- **Your assignment**: All of the records listed below should be retyped exactly.

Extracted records
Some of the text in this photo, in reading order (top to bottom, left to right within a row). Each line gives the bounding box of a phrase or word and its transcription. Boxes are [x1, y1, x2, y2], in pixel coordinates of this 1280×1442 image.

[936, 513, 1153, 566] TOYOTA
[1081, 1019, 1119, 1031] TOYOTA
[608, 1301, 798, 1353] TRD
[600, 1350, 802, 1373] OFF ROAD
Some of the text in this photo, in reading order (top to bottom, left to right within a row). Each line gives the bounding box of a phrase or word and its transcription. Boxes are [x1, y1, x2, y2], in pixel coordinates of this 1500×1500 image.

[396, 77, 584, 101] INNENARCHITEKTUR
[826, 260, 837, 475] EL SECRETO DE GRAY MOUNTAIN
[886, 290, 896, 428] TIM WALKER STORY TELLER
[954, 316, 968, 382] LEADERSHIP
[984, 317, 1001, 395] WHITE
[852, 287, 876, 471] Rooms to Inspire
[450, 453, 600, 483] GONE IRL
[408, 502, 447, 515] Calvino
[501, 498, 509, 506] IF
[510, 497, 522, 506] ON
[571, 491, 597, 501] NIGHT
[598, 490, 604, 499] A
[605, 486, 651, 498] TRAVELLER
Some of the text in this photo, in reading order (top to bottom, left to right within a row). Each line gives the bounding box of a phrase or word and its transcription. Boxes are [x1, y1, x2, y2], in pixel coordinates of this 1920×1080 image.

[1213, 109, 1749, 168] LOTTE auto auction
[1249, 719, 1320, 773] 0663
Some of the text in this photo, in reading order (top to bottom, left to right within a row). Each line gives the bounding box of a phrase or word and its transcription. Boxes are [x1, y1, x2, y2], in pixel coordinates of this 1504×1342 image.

- **Finished exercise**:
Some of the text in this photo, in reading order (top to bottom, left to right within a row). Each line gives the bounding box of a phrase or word and its transcription. Boxes are [x1, y1, x2, y2], in pixel coordinates of this 1280×1442 image.

[936, 513, 1153, 566] TOYOTA
[1081, 1019, 1119, 1031] TOYOTA
[608, 1301, 798, 1353] TRD
[600, 1350, 802, 1373] OFF ROAD
Some of the text in this photo, in reading order (top to bottom, left to right within a row). Each line gives the bounding box of a phrase or word and its transcription. Boxes are [x1, y1, x2, y2], in pixel coordinates of this 1500×1500 image.

[396, 77, 584, 101] INNENARCHITEKTUR
[826, 260, 837, 475] EL SECRETO DE GRAY MOUNTAIN
[886, 290, 896, 428] TIM WALKER STORY TELLER
[954, 316, 968, 382] LEADERSHIP
[984, 317, 1001, 395] WHITE
[852, 287, 876, 471] Rooms to Inspire
[450, 453, 600, 483] GONE IRL
[408, 502, 447, 515] Calvino
[501, 498, 509, 506] IF
[510, 497, 522, 506] ON
[571, 491, 597, 501] NIGHT
[598, 490, 604, 499] A
[605, 486, 651, 498] TRAVELLER
Some of the text in this photo, in reading order (top to bottom, left to right within a row). Each line gives the bounding box of a phrase or word and its transcription. Boxes are [x1, y1, x2, y2], in pixel coordinates of this 1920×1080 image.

[1213, 109, 1749, 168] LOTTE auto auction
[1249, 719, 1320, 773] 0663
Some of the text in this photo, in reading order (top to bottom, left to right within a row). Each line gives the bounding box of a phrase or word and its transcription. Boxes are [x1, y1, x2, y2], in pixel coordinates of this 1504×1342 image.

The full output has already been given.